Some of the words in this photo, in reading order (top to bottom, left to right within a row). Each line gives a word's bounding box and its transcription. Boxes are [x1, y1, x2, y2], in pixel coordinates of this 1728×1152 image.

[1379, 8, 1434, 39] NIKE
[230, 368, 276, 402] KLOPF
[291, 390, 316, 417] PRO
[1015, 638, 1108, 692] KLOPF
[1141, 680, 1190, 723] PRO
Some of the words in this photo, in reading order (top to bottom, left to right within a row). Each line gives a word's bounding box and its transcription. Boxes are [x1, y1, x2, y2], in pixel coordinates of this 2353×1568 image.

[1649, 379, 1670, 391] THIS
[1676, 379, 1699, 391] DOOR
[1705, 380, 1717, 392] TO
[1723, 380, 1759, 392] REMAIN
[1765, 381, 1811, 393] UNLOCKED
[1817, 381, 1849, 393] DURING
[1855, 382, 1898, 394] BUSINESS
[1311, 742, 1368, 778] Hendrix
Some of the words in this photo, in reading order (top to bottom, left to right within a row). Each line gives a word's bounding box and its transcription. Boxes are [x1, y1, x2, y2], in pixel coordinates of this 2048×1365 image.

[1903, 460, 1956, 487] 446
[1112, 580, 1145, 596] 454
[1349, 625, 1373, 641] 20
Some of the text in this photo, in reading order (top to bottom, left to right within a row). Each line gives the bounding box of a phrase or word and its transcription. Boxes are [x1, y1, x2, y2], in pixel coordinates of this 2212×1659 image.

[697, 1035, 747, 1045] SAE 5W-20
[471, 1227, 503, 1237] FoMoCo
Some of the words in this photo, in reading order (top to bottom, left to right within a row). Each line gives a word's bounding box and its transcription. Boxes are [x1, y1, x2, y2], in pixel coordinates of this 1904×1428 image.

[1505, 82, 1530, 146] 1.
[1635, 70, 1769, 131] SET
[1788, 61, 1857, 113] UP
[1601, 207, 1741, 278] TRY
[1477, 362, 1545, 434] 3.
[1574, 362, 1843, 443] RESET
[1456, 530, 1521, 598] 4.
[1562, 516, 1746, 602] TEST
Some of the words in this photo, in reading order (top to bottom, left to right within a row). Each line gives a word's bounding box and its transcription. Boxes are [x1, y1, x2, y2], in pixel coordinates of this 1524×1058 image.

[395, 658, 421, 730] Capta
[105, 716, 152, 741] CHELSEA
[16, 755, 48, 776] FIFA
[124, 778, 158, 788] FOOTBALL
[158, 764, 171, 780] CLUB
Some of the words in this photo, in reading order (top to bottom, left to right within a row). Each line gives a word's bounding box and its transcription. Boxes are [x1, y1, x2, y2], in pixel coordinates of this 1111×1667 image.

◆ Problem to work on
Starting at the line that contains "Some of the text", copy each line through the last line of the listing, and copy nothing else.

◆ Task response
Some of the text in this photo, in reading order (top to bottom, left to right within a row). Each line gives the bounding box of a phrase or word and its transcription. Boxes are [x1, y1, x2, y2], in pixel coordinates of this 2212×1659 image.

[697, 1035, 747, 1045] SAE 5W-20
[471, 1227, 503, 1237] FoMoCo
Some of the words in this photo, in reading order (top to bottom, left to right within a row). Each line gives a word's bounding box and its transcription. Boxes are [x1, y1, x2, y2], in pixel coordinates of this 1904×1428 image.

[1505, 82, 1530, 146] 1.
[1635, 70, 1769, 131] SET
[1788, 61, 1857, 113] UP
[1601, 207, 1741, 278] TRY
[1477, 362, 1545, 434] 3.
[1574, 362, 1843, 443] RESET
[1456, 530, 1521, 598] 4.
[1562, 516, 1746, 602] TEST
Some of the words in this photo, in reading order (top to bottom, left to right within a row). Each line gives a word's bounding box and its transcription. Boxes are [x1, y1, x2, y2], in pixel coordinates of this 1524×1058 image.

[395, 658, 421, 730] Capta
[105, 716, 152, 741] CHELSEA
[16, 755, 48, 776] FIFA
[124, 778, 158, 788] FOOTBALL
[158, 764, 171, 780] CLUB
Some of the words in this photo, in reading order (top to bottom, left to right within a row). Each line gives a word's bounding box and its transcription. Boxes are [x1, y1, x2, y2], in pixel coordinates of this 1111×1667 image.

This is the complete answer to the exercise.